- _What to produce_
Could all of the entries be written out exactly, with any pictures omitted?

(Items from a dataset)
────────────────
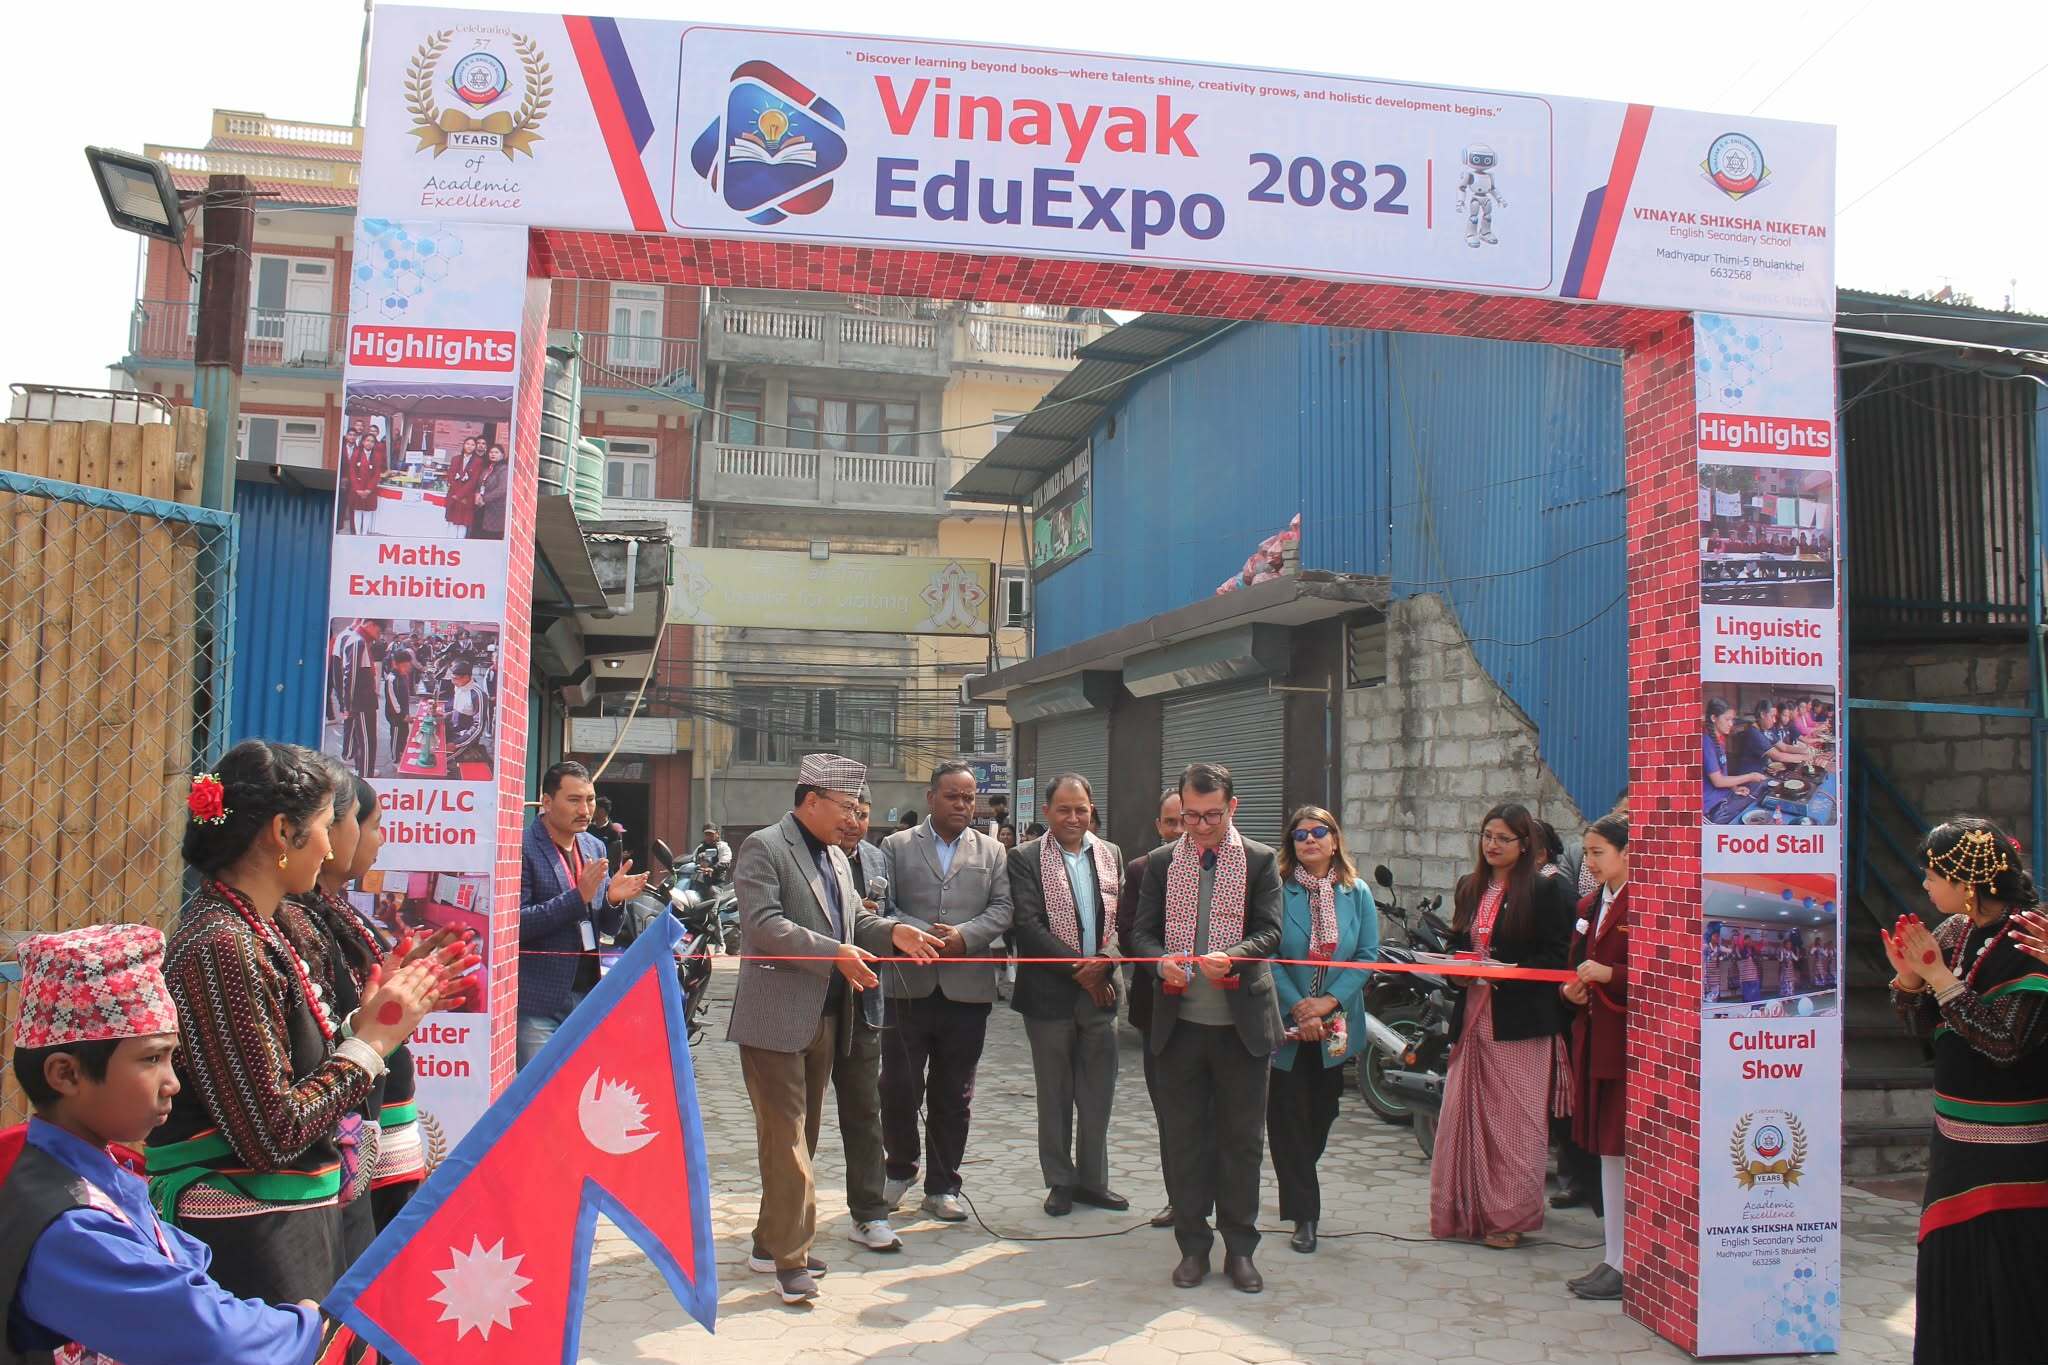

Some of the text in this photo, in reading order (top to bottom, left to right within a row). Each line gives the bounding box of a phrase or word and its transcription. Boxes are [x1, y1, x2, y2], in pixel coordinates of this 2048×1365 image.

[455, 23, 511, 36] Celebrating
[856, 51, 911, 65] Discover
[914, 56, 967, 71] learning
[971, 59, 1017, 74] beyond
[1112, 71, 1155, 84] talents
[1158, 76, 1195, 89] shine,
[1198, 79, 1256, 96] creativity
[1259, 87, 1300, 99] grows,
[1303, 89, 1325, 100] and
[1329, 92, 1372, 105] holistic
[1375, 96, 1451, 113] development
[874, 75, 1199, 164] Vinayak
[453, 134, 498, 146] YEARS
[465, 155, 485, 173] of
[423, 176, 520, 192] Academic
[1247, 152, 1409, 216] 2082
[420, 192, 522, 209] Excellence
[875, 157, 1226, 250] EduExpo
[1633, 207, 1826, 238] VINAYAK SHIKSHA NIKETAN
[1670, 226, 1792, 247] English Secondary School
[1656, 248, 1709, 263] Madhyapur
[1712, 253, 1750, 267] Thimi-5
[1710, 267, 1752, 280] 6632568
[352, 331, 513, 366] Highlights
[1700, 418, 1830, 452] Highlights
[378, 543, 461, 567] Maths
[349, 575, 486, 601] Exhibition
[1716, 616, 1822, 642] Linguistic
[1714, 645, 1824, 668] Exhibition
[1717, 833, 1825, 855] Food Stall
[1728, 1029, 1816, 1051] Cultural
[1742, 1059, 1803, 1080] Show
[1757, 1174, 1781, 1182] YEARS
[1742, 1209, 1796, 1220] Excellence
[1744, 1200, 1795, 1210] Academic
[1706, 1221, 1838, 1236] VINAYAK SHIKSHA NIKETAN
[1721, 1234, 1823, 1248] English Secondary School
[1716, 1249, 1752, 1260] Madhyapur
[1752, 1258, 1782, 1267] 6632568
────────────────
- _Response to this exercise_
Some of the text in this photo, in reading order (top to bottom, left to right within a row). Each line gives the bounding box of a phrase or word and its transcription. Boxes are [x1, y1, x2, y2], in pixel coordinates of this 2048×1365 image.

[455, 23, 511, 36] Celebrating
[856, 51, 911, 65] Discover
[914, 56, 967, 71] learning
[971, 59, 1017, 74] beyond
[1112, 71, 1155, 84] talents
[1158, 76, 1195, 89] shine,
[1198, 79, 1256, 96] creativity
[1259, 87, 1300, 99] grows,
[1303, 89, 1325, 100] and
[1329, 92, 1372, 105] holistic
[1375, 96, 1451, 113] development
[874, 75, 1199, 164] Vinayak
[453, 134, 498, 146] YEARS
[465, 155, 485, 173] of
[423, 176, 520, 192] Academic
[1247, 152, 1409, 216] 2082
[420, 192, 522, 209] Excellence
[875, 157, 1226, 250] EduExpo
[1633, 207, 1826, 238] VINAYAK SHIKSHA NIKETAN
[1670, 226, 1792, 247] English Secondary School
[1656, 248, 1709, 263] Madhyapur
[1712, 253, 1750, 267] Thimi-5
[1710, 267, 1752, 280] 6632568
[352, 331, 513, 366] Highlights
[1700, 418, 1830, 452] Highlights
[378, 543, 461, 567] Maths
[349, 575, 486, 601] Exhibition
[1716, 616, 1822, 642] Linguistic
[1714, 645, 1824, 668] Exhibition
[1717, 833, 1825, 855] Food Stall
[1728, 1029, 1816, 1051] Cultural
[1742, 1059, 1803, 1080] Show
[1757, 1174, 1781, 1182] YEARS
[1742, 1209, 1796, 1220] Excellence
[1744, 1200, 1795, 1210] Academic
[1706, 1221, 1838, 1236] VINAYAK SHIKSHA NIKETAN
[1721, 1234, 1823, 1248] English Secondary School
[1716, 1249, 1752, 1260] Madhyapur
[1752, 1258, 1782, 1267] 6632568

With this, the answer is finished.